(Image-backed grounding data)
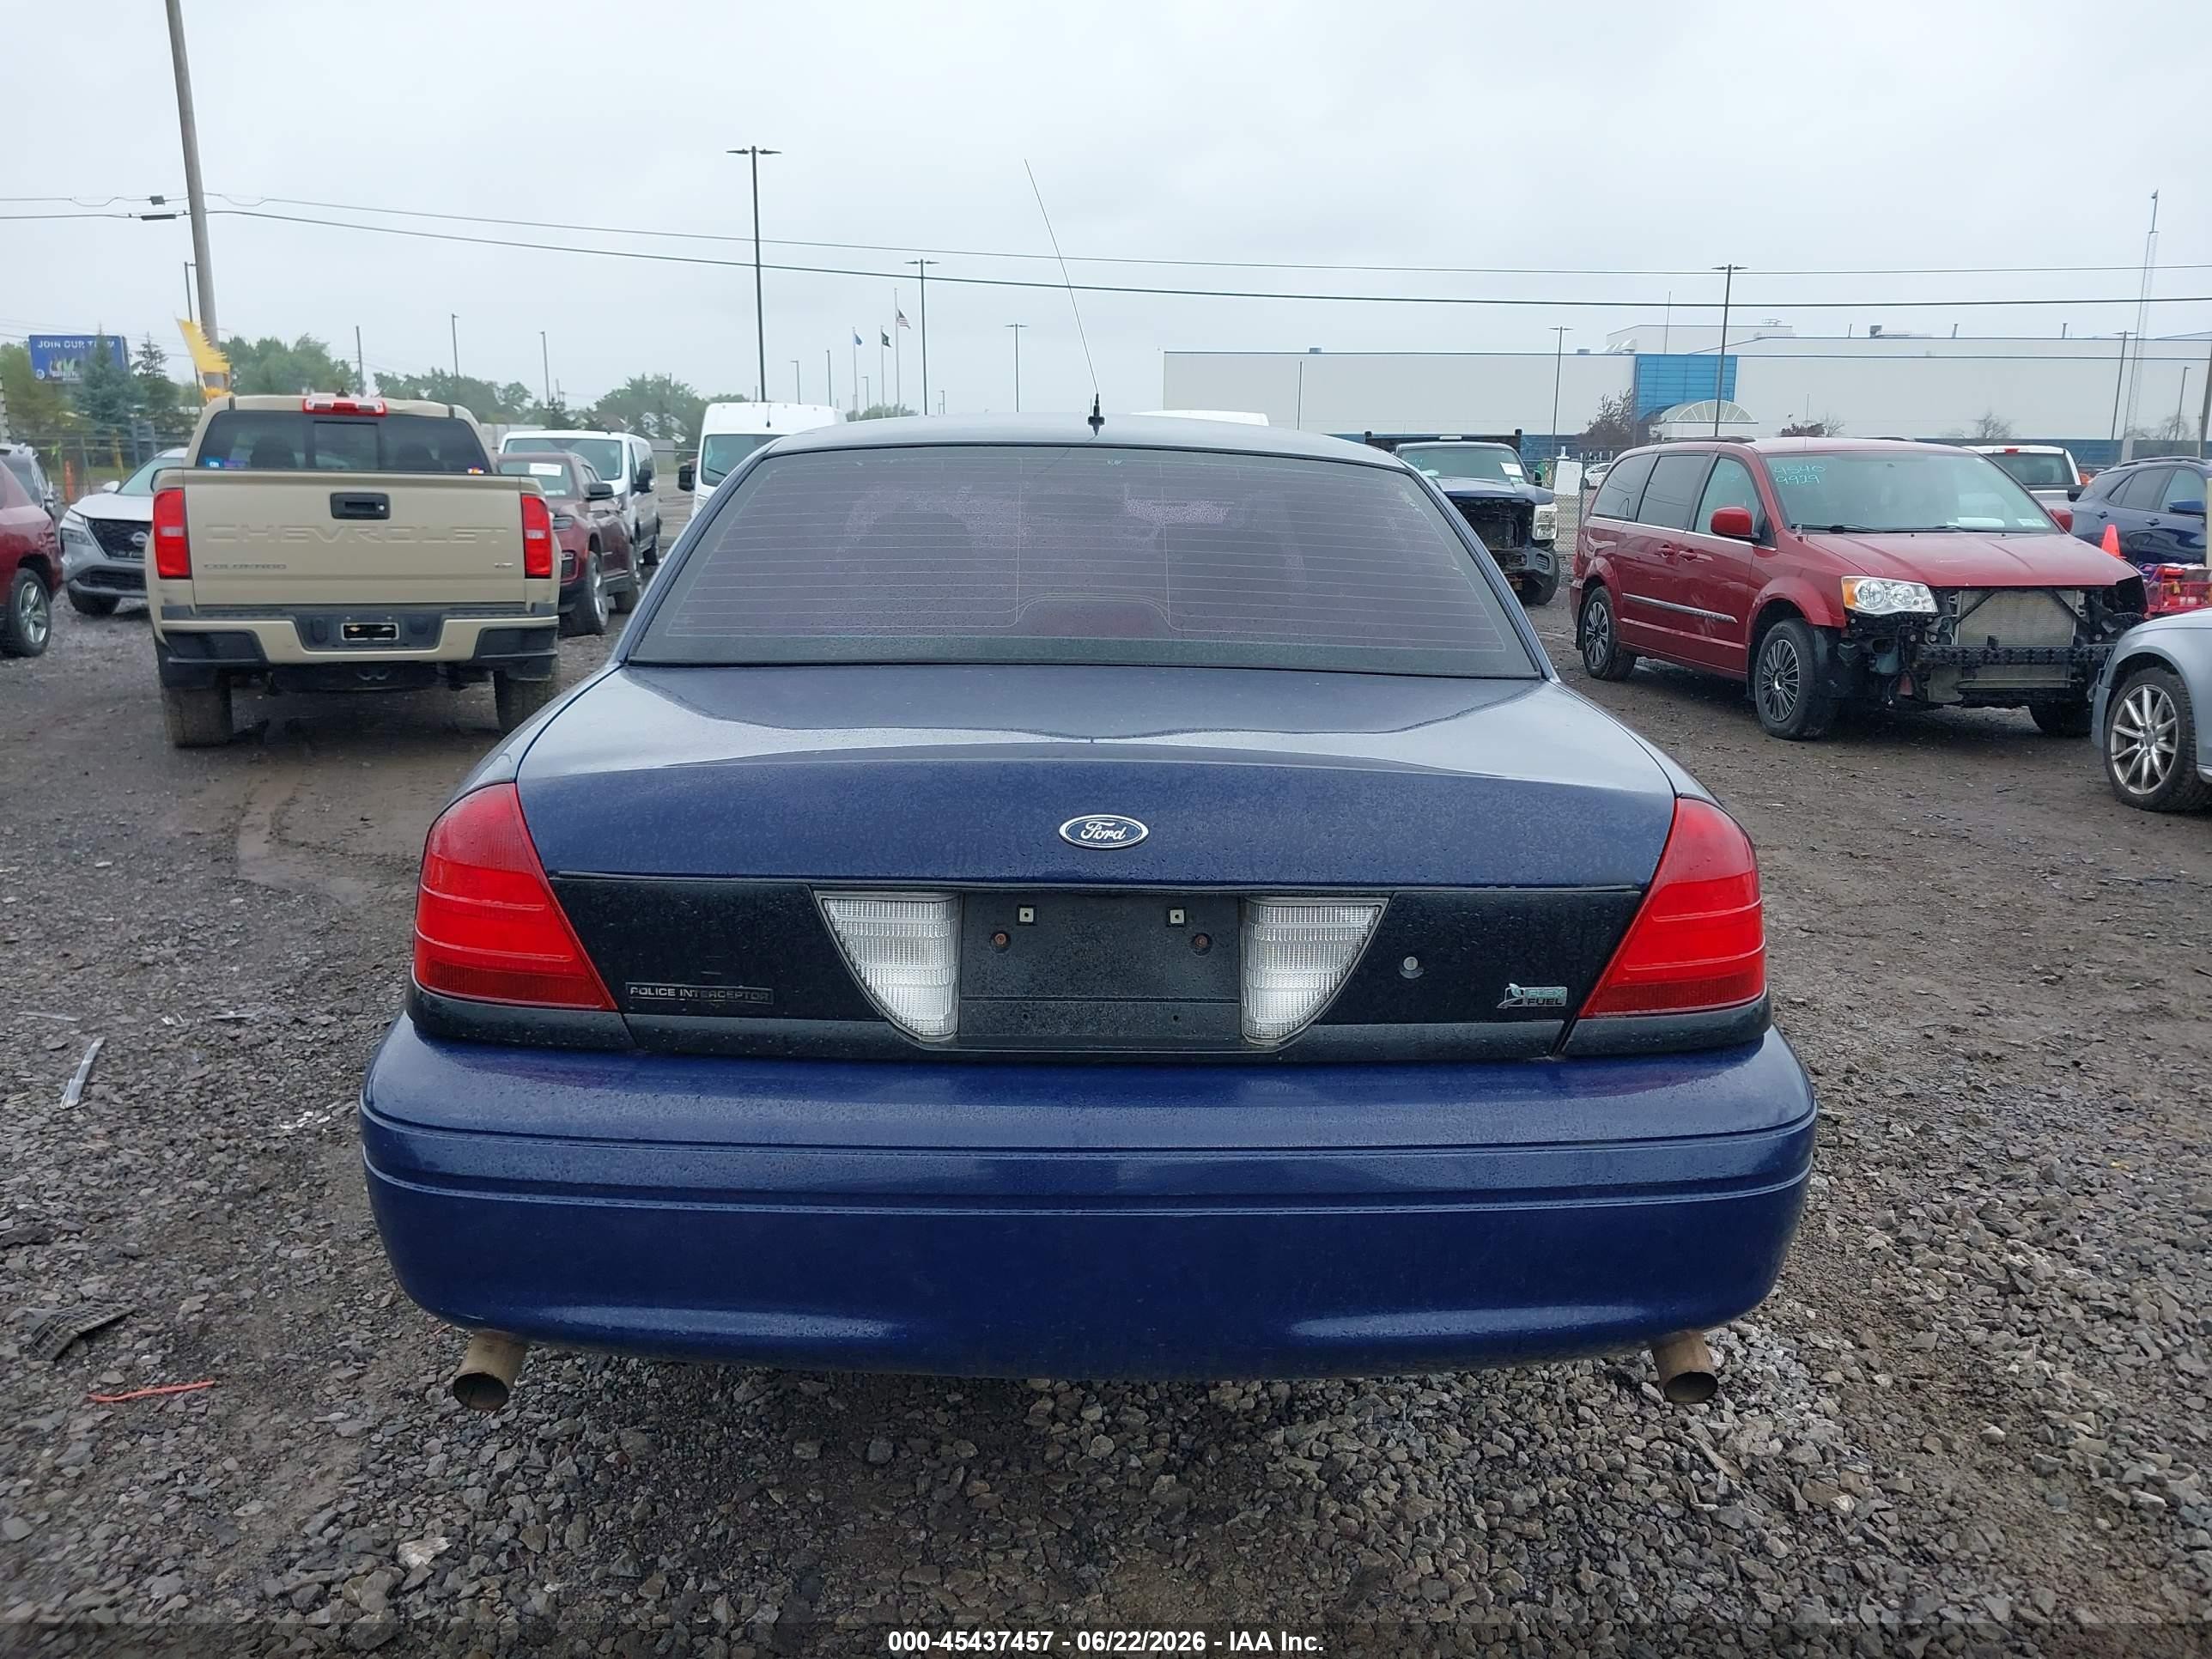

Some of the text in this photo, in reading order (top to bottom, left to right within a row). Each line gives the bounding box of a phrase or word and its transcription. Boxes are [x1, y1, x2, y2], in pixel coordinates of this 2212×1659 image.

[37, 340, 61, 349] JOIN
[64, 340, 85, 349] OUR
[1776, 474, 1820, 485] 9929
[205, 524, 508, 544] CHEVROLET
[1080, 821, 1127, 840] Ford
[630, 987, 769, 1000] POLICE INTERCEPTOR

• _Assignment_
Each record above is to be restated exactly, with its pictures removed from the copy.

• _Written reply_
Some of the text in this photo, in reading order (top to bottom, left to right within a row). Each line gives the bounding box of a phrase or word and its transcription. Boxes are [x1, y1, x2, y2], in pixel coordinates of this 2212×1659 image.

[37, 340, 61, 349] JOIN
[64, 340, 85, 349] OUR
[1776, 474, 1820, 485] 9929
[205, 524, 508, 544] CHEVROLET
[1080, 821, 1127, 840] Ford
[630, 987, 769, 1000] POLICE INTERCEPTOR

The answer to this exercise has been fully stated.